According to Twitter’s translation function (which I’ve compared with a Google translation), the tweet says,” By the way, you can always look back on the dishes you made in “Cooking Notes.” When you want to make your favorite dish again, you can check the recipe and it is convenient.”
The image, which contains Cooking Notes written in English, shows off one for Meat and Seafood Fry. The top half of the card has an image of the cooked dish, accompanied by a short description. The bottom half of the card shows off and image of one meat and two fish — at the very bottom there are six hearts, which I’d assume depicts the health restored by eating the dish. Cooking Notes for Steamed Mushrooms and Pepper Steak are also featured in the image.

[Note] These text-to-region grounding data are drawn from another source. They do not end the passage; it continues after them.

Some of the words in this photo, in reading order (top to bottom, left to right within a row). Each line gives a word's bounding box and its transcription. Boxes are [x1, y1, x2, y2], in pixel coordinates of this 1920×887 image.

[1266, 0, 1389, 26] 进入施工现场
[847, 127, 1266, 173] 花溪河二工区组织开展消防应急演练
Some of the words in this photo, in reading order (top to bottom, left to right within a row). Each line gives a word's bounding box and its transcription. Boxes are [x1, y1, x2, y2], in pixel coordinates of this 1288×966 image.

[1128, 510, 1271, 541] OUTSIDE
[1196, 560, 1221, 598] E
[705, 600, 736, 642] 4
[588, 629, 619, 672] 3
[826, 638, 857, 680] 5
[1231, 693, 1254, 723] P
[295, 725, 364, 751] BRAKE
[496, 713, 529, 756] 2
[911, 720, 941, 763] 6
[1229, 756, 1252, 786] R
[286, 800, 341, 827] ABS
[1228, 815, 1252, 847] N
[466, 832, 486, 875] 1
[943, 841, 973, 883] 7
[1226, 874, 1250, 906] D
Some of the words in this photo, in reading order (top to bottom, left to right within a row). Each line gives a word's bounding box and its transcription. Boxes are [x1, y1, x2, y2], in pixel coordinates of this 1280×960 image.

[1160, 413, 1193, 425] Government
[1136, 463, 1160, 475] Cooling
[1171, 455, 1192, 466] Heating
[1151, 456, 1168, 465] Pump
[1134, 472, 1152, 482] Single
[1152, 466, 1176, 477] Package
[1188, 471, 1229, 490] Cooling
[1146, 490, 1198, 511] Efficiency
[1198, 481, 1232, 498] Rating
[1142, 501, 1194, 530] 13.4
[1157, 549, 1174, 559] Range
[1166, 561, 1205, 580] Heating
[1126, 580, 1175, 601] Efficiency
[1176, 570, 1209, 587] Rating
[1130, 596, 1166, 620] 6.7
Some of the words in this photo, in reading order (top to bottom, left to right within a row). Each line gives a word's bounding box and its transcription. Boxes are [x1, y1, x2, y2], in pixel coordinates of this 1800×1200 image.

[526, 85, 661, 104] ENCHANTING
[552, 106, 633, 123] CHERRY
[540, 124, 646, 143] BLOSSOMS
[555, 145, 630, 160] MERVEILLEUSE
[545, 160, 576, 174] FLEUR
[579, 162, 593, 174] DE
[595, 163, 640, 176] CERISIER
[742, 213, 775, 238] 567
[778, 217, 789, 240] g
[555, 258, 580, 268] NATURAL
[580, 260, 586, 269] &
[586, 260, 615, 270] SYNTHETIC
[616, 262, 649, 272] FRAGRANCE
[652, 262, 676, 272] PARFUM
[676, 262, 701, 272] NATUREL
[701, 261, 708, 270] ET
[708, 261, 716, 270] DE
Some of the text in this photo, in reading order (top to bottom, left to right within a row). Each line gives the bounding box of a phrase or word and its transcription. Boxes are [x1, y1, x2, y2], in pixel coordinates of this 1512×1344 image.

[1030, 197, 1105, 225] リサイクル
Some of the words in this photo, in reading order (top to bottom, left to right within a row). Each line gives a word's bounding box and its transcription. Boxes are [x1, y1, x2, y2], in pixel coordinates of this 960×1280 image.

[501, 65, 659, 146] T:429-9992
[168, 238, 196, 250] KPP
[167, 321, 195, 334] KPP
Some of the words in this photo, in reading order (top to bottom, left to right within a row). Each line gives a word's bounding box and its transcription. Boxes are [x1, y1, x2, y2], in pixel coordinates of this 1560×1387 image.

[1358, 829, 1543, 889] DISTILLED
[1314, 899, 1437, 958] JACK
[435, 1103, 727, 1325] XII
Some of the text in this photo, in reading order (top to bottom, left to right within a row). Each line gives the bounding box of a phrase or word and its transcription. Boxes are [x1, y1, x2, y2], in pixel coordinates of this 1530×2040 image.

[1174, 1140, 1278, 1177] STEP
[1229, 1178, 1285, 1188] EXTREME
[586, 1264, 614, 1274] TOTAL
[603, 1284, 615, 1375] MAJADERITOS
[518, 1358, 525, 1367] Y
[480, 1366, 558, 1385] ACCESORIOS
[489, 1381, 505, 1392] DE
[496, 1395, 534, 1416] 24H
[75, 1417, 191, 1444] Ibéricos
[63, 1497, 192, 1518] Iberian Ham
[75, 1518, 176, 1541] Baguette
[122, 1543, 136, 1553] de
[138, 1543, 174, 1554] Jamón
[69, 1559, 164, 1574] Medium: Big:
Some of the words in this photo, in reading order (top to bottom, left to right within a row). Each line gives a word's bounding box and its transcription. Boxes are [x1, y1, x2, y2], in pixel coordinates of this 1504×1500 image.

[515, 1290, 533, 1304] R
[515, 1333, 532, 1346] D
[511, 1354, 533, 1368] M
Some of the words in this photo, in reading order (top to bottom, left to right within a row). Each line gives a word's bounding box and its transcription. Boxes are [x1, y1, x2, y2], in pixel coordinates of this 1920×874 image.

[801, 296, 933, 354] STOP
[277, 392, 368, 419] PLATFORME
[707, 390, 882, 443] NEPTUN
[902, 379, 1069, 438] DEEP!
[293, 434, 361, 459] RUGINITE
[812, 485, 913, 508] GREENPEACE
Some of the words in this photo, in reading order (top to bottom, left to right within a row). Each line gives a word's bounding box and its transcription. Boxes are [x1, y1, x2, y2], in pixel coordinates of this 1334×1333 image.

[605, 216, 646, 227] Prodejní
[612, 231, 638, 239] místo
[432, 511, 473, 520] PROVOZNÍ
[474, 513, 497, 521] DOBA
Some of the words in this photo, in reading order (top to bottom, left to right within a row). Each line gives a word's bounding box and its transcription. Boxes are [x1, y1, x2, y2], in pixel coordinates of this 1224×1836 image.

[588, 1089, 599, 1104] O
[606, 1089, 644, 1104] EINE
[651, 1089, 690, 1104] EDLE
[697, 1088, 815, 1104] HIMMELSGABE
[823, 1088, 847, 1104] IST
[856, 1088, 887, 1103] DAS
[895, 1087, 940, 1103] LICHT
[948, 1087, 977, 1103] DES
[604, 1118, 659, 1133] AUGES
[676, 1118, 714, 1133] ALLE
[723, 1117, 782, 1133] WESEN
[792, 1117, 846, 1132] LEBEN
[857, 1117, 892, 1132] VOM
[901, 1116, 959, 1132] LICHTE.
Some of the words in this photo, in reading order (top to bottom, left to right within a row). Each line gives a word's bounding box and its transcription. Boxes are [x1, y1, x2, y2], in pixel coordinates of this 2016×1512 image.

This will be a huge quality of life improvement for amateur Zelda chefs everywhere. Cooking was one of my favorite parts of Breath of the Wild — and yet it was often a process marked by pain. Breath of the Wild had no system to keep track of successful recipes, and my terrible memory failed to retain so many of my favorites. Luckily — after hours of making inedible trash — I found my peace by using guides and keeping a handy notebook.
These recipe cards in Tears of the Kingdom will hopefully make that pain point a thing of the past. Though, as IGN Southeast Asia reports, players will still have to manually hold ingredients and drop them in — there’s no automatic selection for cooking. Beyond that, we don’t quite know how these recipe cards work yet. But it’s a comfort to know that there is a formal, in-game method for remembering culinary successes.